• [Task]: Please restate the records below verbatim, omitting every image they hold.
☆ ☆ ☆ ☆ ☆ ☆ ☆
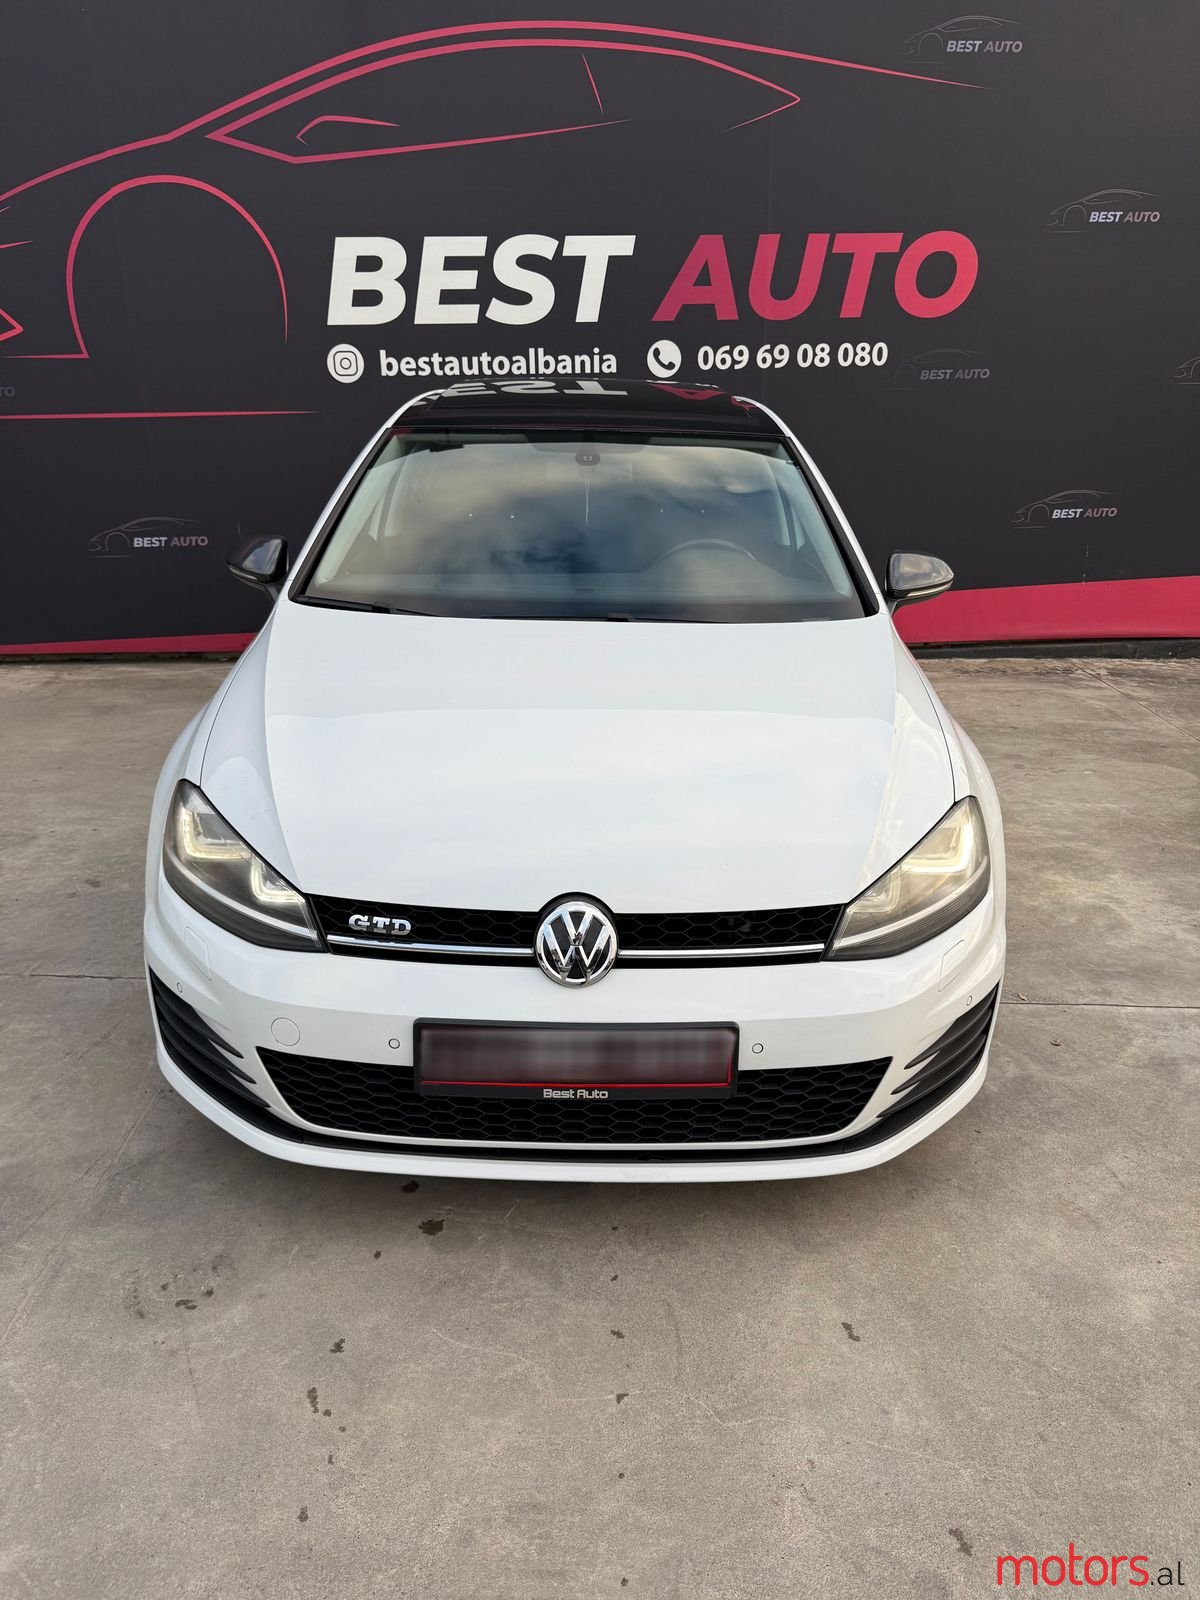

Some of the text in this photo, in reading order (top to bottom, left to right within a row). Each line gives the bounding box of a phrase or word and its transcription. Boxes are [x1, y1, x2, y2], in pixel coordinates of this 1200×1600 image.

[945, 40, 1023, 53] BEST AUTO
[1088, 211, 1161, 223] BEST AUTO
[326, 230, 979, 326] BEST AUTO
[379, 347, 618, 378] bestautoalbania
[697, 341, 889, 371] 069 69 08 080
[919, 368, 991, 380] BEST AUTO
[1051, 507, 1118, 519] BEST AUTO
[132, 535, 209, 548] BEST AUTO
[348, 914, 412, 936] GTD
[543, 1088, 609, 1099] Best Auto
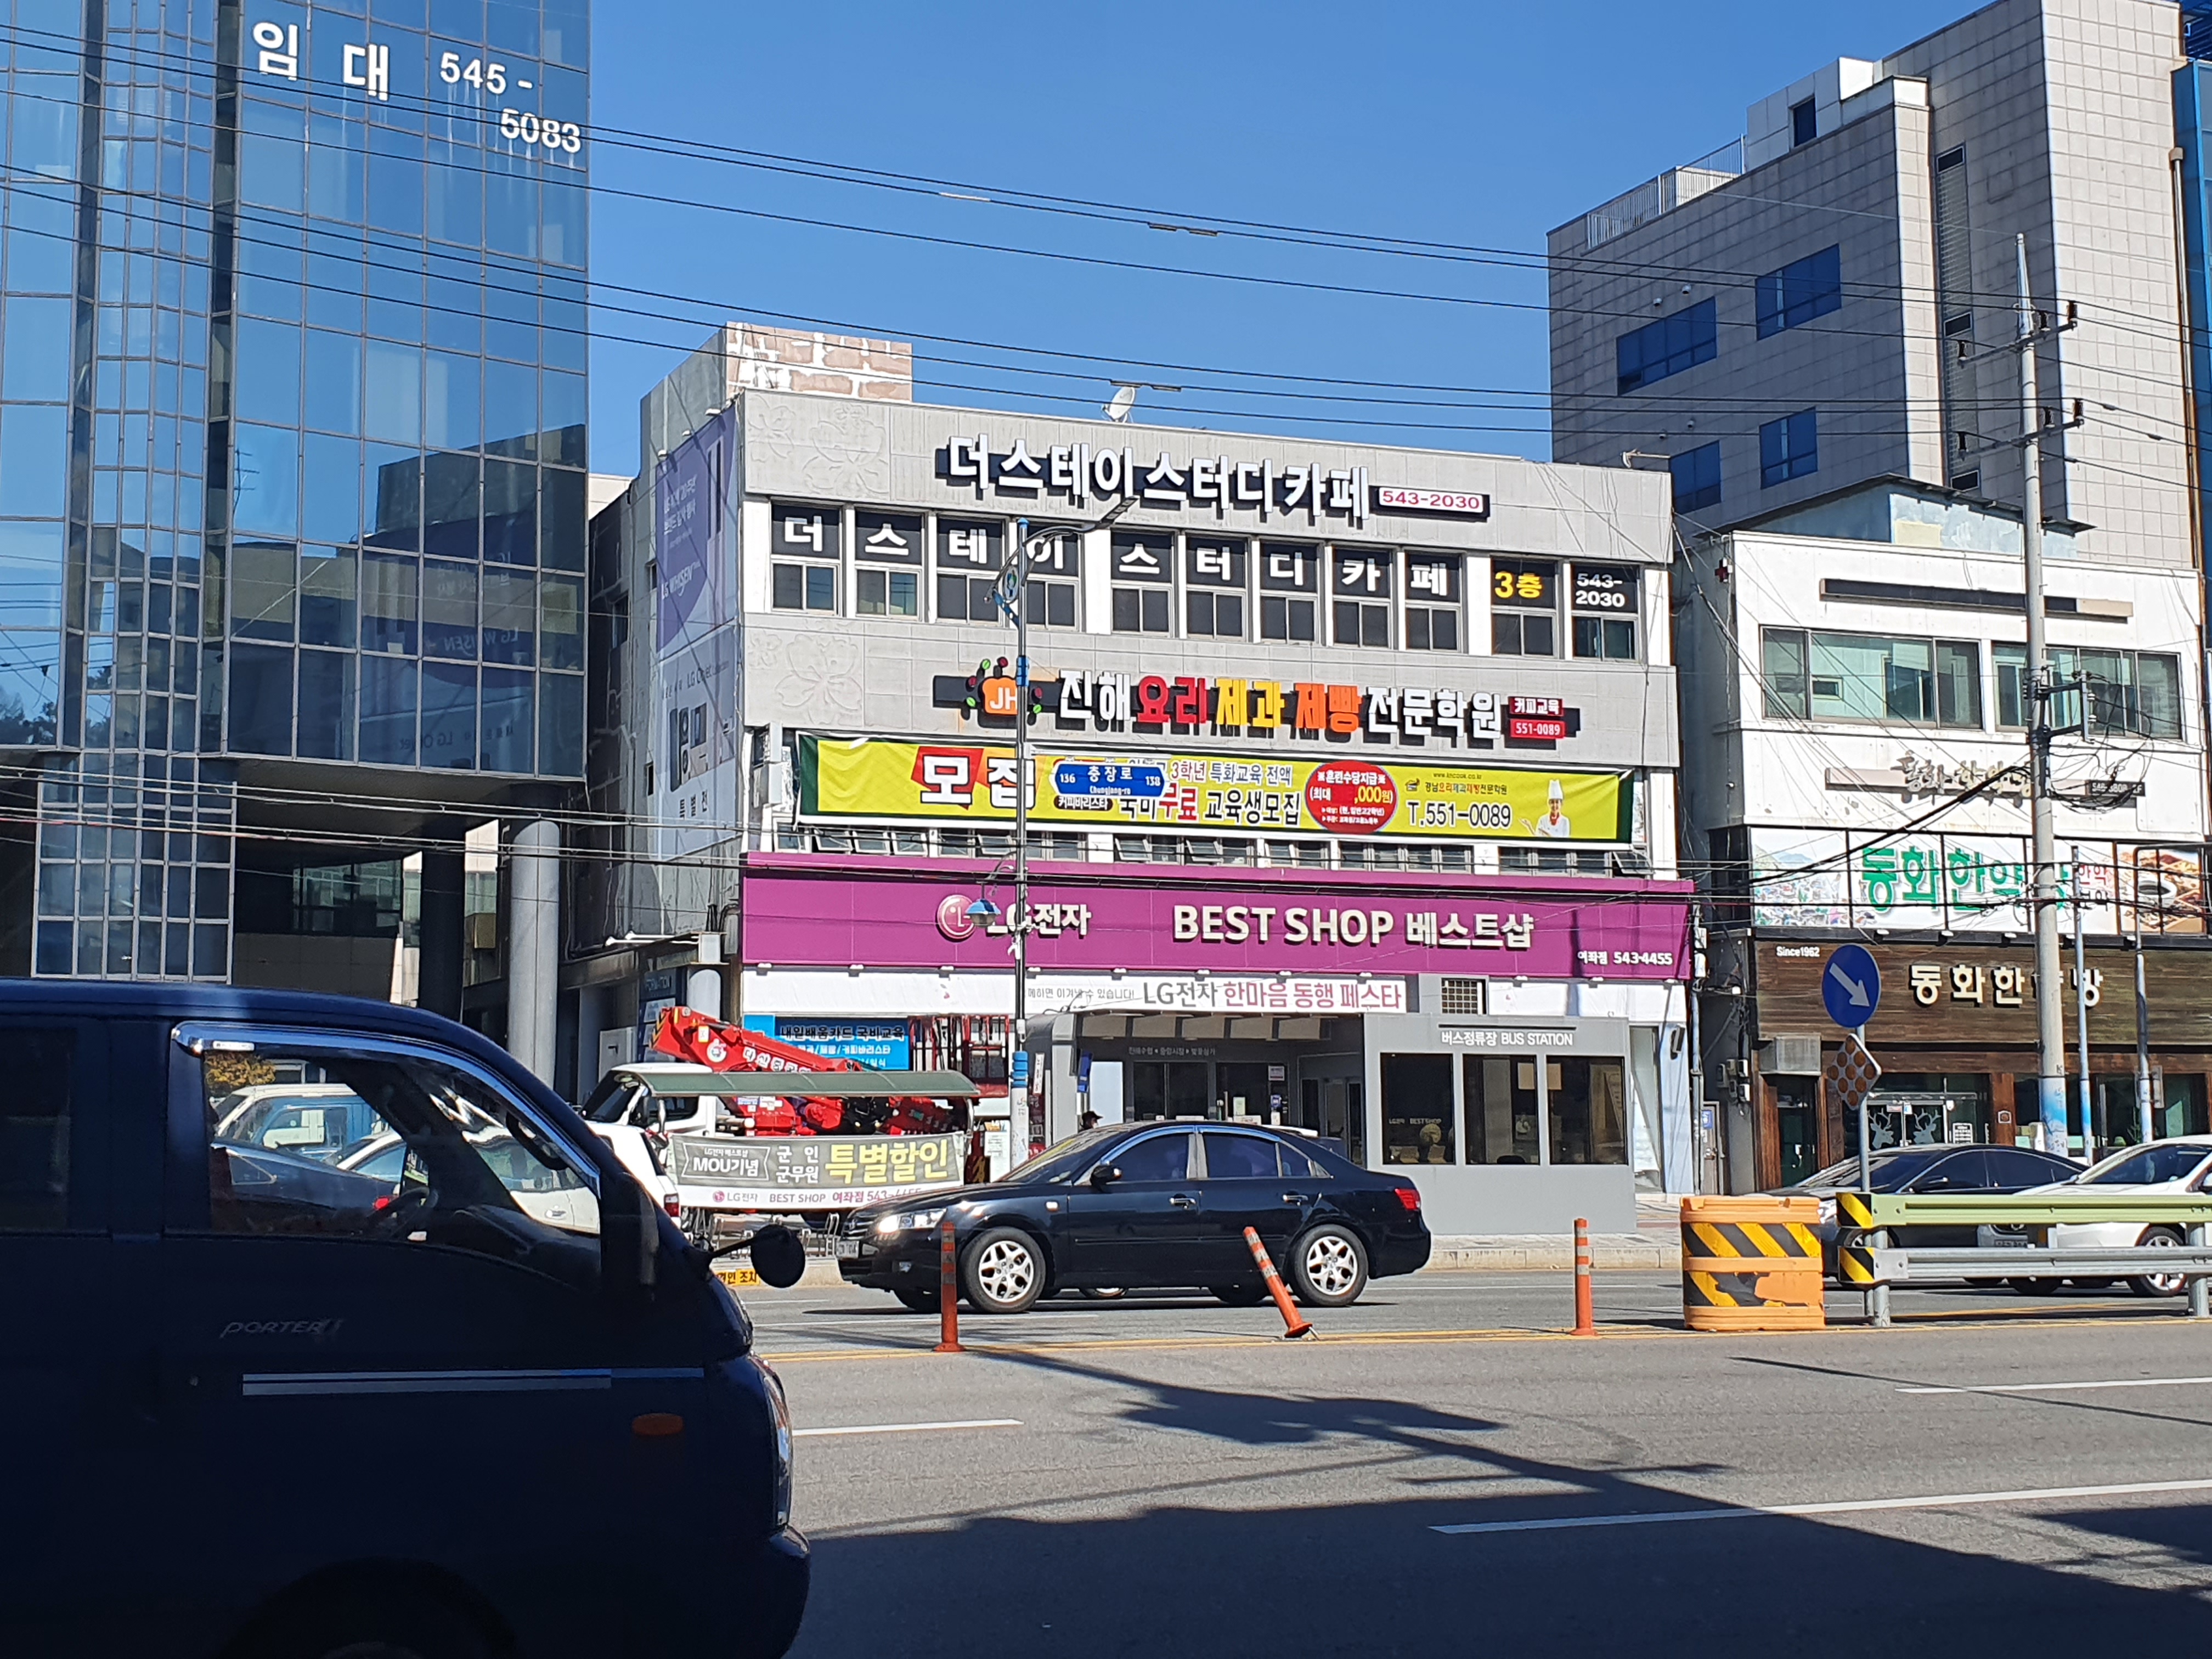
☆ ☆ ☆ ☆ ☆ ☆ ☆
• [Problem solution]:
Some of the text in this photo, in reading order (top to bottom, left to right within a row). Each line gives the bounding box of a phrase or word and its transcription. Boxes are [x1, y1, x2, y2], in pixel coordinates of this 1200×1600 image.

[945, 40, 1023, 53] BEST AUTO
[1088, 211, 1161, 223] BEST AUTO
[326, 230, 979, 326] BEST AUTO
[379, 347, 618, 378] bestautoalbania
[697, 341, 889, 371] 069 69 08 080
[919, 368, 991, 380] BEST AUTO
[1051, 507, 1118, 519] BEST AUTO
[132, 535, 209, 548] BEST AUTO
[348, 914, 412, 936] GTD
[543, 1088, 609, 1099] Best Auto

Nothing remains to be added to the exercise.